[Text-to-region grounding data]
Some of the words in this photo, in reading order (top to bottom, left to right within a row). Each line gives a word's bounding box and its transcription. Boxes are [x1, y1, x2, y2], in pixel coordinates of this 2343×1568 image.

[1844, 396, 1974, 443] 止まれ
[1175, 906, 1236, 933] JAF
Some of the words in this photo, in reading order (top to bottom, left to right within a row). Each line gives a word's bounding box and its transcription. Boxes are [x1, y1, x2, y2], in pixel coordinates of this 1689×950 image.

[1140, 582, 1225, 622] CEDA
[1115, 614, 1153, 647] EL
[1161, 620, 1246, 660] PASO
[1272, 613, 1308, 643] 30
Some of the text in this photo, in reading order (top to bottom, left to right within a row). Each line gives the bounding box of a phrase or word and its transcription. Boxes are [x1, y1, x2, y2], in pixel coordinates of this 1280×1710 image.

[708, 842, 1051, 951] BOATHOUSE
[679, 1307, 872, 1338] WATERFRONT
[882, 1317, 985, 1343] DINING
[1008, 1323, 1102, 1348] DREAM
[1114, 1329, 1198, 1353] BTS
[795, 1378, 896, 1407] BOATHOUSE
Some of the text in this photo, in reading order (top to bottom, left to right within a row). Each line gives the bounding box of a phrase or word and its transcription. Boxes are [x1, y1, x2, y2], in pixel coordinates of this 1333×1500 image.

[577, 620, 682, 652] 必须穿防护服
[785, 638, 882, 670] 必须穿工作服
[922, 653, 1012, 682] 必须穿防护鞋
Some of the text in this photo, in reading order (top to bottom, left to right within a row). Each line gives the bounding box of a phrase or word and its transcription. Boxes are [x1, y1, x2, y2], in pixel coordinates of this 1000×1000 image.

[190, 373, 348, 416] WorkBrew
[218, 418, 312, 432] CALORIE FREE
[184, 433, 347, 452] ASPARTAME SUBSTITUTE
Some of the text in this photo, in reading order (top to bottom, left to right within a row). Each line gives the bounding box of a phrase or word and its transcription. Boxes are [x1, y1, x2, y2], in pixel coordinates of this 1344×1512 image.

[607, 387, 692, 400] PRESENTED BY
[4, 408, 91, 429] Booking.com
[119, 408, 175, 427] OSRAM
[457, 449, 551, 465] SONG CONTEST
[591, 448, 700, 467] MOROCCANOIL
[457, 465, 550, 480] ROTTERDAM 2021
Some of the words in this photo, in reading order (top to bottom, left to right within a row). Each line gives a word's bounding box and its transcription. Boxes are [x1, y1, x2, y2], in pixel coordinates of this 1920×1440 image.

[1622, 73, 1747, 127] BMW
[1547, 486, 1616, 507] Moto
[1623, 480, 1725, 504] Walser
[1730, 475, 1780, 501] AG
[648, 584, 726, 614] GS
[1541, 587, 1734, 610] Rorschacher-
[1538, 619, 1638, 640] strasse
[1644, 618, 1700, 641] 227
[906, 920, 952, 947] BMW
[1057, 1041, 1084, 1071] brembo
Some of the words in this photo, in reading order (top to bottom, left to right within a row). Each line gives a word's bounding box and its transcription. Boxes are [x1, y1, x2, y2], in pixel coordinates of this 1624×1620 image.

**WHAT IS REQUIRED:** Make an exact copy of all the entries above.

**REPLY:**
Some of the words in this photo, in reading order (top to bottom, left to right within a row). Each line gives a word's bounding box and its transcription. Boxes are [x1, y1, x2, y2], in pixel coordinates of this 2343×1568 image.

[1844, 396, 1974, 443] 止まれ
[1175, 906, 1236, 933] JAF
Some of the words in this photo, in reading order (top to bottom, left to right within a row). Each line gives a word's bounding box and its transcription. Boxes are [x1, y1, x2, y2], in pixel coordinates of this 1689×950 image.

[1140, 582, 1225, 622] CEDA
[1115, 614, 1153, 647] EL
[1161, 620, 1246, 660] PASO
[1272, 613, 1308, 643] 30
Some of the text in this photo, in reading order (top to bottom, left to right within a row). Each line gives the bounding box of a phrase or word and its transcription. Boxes are [x1, y1, x2, y2], in pixel coordinates of this 1280×1710 image.

[708, 842, 1051, 951] BOATHOUSE
[679, 1307, 872, 1338] WATERFRONT
[882, 1317, 985, 1343] DINING
[1008, 1323, 1102, 1348] DREAM
[1114, 1329, 1198, 1353] BTS
[795, 1378, 896, 1407] BOATHOUSE
Some of the text in this photo, in reading order (top to bottom, left to right within a row). Each line gives the bounding box of a phrase or word and its transcription. Boxes are [x1, y1, x2, y2], in pixel coordinates of this 1333×1500 image.

[577, 620, 682, 652] 必须穿防护服
[785, 638, 882, 670] 必须穿工作服
[922, 653, 1012, 682] 必须穿防护鞋
Some of the text in this photo, in reading order (top to bottom, left to right within a row). Each line gives the bounding box of a phrase or word and its transcription. Boxes are [x1, y1, x2, y2], in pixel coordinates of this 1000×1000 image.

[190, 373, 348, 416] WorkBrew
[218, 418, 312, 432] CALORIE FREE
[184, 433, 347, 452] ASPARTAME SUBSTITUTE
Some of the text in this photo, in reading order (top to bottom, left to right within a row). Each line gives the bounding box of a phrase or word and its transcription. Boxes are [x1, y1, x2, y2], in pixel coordinates of this 1344×1512 image.

[607, 387, 692, 400] PRESENTED BY
[4, 408, 91, 429] Booking.com
[119, 408, 175, 427] OSRAM
[457, 449, 551, 465] SONG CONTEST
[591, 448, 700, 467] MOROCCANOIL
[457, 465, 550, 480] ROTTERDAM 2021
Some of the words in this photo, in reading order (top to bottom, left to right within a row). Each line gives a word's bounding box and its transcription. Boxes are [x1, y1, x2, y2], in pixel coordinates of this 1920×1440 image.

[1622, 73, 1747, 127] BMW
[1547, 486, 1616, 507] Moto
[1623, 480, 1725, 504] Walser
[1730, 475, 1780, 501] AG
[648, 584, 726, 614] GS
[1541, 587, 1734, 610] Rorschacher-
[1538, 619, 1638, 640] strasse
[1644, 618, 1700, 641] 227
[906, 920, 952, 947] BMW
[1057, 1041, 1084, 1071] brembo
Some of the words in this photo, in reading order (top to bottom, left to right within a row). Each line gives a word's bounding box and its transcription. Boxes are [x1, y1, x2, y2], in pixel coordinates of this 1624×1620 image.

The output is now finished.